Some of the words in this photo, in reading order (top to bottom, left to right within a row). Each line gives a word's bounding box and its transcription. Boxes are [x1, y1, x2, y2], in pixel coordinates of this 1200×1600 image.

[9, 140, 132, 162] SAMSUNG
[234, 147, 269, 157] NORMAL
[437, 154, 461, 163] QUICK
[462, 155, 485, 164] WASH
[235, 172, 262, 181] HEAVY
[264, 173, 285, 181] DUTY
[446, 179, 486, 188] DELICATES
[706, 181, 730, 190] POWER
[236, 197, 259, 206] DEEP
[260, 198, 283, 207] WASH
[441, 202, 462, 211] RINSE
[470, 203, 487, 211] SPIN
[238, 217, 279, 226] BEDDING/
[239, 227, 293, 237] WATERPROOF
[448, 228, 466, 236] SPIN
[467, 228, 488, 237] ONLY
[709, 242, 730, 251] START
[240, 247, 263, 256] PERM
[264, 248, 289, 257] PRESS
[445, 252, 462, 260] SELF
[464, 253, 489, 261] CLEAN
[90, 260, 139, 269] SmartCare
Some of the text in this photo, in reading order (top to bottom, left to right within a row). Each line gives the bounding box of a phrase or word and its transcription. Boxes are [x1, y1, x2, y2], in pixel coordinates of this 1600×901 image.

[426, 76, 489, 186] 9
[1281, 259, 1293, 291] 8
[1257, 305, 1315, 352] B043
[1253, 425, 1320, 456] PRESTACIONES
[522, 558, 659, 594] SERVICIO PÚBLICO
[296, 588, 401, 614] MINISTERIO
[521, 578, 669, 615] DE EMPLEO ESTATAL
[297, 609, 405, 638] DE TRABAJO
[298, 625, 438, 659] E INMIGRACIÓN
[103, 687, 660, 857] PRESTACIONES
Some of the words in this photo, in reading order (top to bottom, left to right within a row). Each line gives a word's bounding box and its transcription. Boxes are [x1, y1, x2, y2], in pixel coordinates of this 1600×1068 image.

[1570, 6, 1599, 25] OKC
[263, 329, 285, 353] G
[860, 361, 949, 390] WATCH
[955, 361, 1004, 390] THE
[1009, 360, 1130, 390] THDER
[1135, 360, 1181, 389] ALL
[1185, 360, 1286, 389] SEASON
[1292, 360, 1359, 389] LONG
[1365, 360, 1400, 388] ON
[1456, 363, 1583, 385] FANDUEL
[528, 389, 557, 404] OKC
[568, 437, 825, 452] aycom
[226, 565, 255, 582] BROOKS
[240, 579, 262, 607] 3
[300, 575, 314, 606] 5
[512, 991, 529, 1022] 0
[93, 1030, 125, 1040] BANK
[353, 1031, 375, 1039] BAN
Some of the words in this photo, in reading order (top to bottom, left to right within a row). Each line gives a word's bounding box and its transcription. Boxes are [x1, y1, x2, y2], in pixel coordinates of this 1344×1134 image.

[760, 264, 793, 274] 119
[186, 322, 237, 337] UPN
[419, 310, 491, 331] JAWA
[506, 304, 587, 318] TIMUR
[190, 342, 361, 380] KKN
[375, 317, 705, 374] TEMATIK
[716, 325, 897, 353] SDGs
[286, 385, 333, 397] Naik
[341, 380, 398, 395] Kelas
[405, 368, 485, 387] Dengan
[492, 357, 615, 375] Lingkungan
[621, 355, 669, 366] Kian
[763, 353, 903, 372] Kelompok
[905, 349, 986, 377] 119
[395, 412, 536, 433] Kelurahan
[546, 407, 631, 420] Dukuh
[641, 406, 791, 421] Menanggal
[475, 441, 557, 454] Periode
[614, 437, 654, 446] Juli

· · · · · · ·

What is needed is a full, exact copy of the records.

Some of the words in this photo, in reading order (top to bottom, left to right within a row). Each line gives a word's bounding box and its transcription. Boxes are [x1, y1, x2, y2], in pixel coordinates of this 1200×1600 image.

[9, 140, 132, 162] SAMSUNG
[234, 147, 269, 157] NORMAL
[437, 154, 461, 163] QUICK
[462, 155, 485, 164] WASH
[235, 172, 262, 181] HEAVY
[264, 173, 285, 181] DUTY
[446, 179, 486, 188] DELICATES
[706, 181, 730, 190] POWER
[236, 197, 259, 206] DEEP
[260, 198, 283, 207] WASH
[441, 202, 462, 211] RINSE
[470, 203, 487, 211] SPIN
[238, 217, 279, 226] BEDDING/
[239, 227, 293, 237] WATERPROOF
[448, 228, 466, 236] SPIN
[467, 228, 488, 237] ONLY
[709, 242, 730, 251] START
[240, 247, 263, 256] PERM
[264, 248, 289, 257] PRESS
[445, 252, 462, 260] SELF
[464, 253, 489, 261] CLEAN
[90, 260, 139, 269] SmartCare
Some of the text in this photo, in reading order (top to bottom, left to right within a row). Each line gives the bounding box of a phrase or word and its transcription. Boxes are [x1, y1, x2, y2], in pixel coordinates of this 1600×901 image.

[426, 76, 489, 186] 9
[1281, 259, 1293, 291] 8
[1257, 305, 1315, 352] B043
[1253, 425, 1320, 456] PRESTACIONES
[522, 558, 659, 594] SERVICIO PÚBLICO
[296, 588, 401, 614] MINISTERIO
[521, 578, 669, 615] DE EMPLEO ESTATAL
[297, 609, 405, 638] DE TRABAJO
[298, 625, 438, 659] E INMIGRACIÓN
[103, 687, 660, 857] PRESTACIONES
Some of the words in this photo, in reading order (top to bottom, left to right within a row). Each line gives a word's bounding box and its transcription. Boxes are [x1, y1, x2, y2], in pixel coordinates of this 1600×1068 image.

[1570, 6, 1599, 25] OKC
[263, 329, 285, 353] G
[860, 361, 949, 390] WATCH
[955, 361, 1004, 390] THE
[1009, 360, 1130, 390] THDER
[1135, 360, 1181, 389] ALL
[1185, 360, 1286, 389] SEASON
[1292, 360, 1359, 389] LONG
[1365, 360, 1400, 388] ON
[1456, 363, 1583, 385] FANDUEL
[528, 389, 557, 404] OKC
[568, 437, 825, 452] aycom
[226, 565, 255, 582] BROOKS
[240, 579, 262, 607] 3
[300, 575, 314, 606] 5
[512, 991, 529, 1022] 0
[93, 1030, 125, 1040] BANK
[353, 1031, 375, 1039] BAN
Some of the words in this photo, in reading order (top to bottom, left to right within a row). Each line gives a word's bounding box and its transcription. Boxes are [x1, y1, x2, y2], in pixel coordinates of this 1344×1134 image.

[760, 264, 793, 274] 119
[186, 322, 237, 337] UPN
[419, 310, 491, 331] JAWA
[506, 304, 587, 318] TIMUR
[190, 342, 361, 380] KKN
[375, 317, 705, 374] TEMATIK
[716, 325, 897, 353] SDGs
[286, 385, 333, 397] Naik
[341, 380, 398, 395] Kelas
[405, 368, 485, 387] Dengan
[492, 357, 615, 375] Lingkungan
[621, 355, 669, 366] Kian
[763, 353, 903, 372] Kelompok
[905, 349, 986, 377] 119
[395, 412, 536, 433] Kelurahan
[546, 407, 631, 420] Dukuh
[641, 406, 791, 421] Menanggal
[475, 441, 557, 454] Periode
[614, 437, 654, 446] Juli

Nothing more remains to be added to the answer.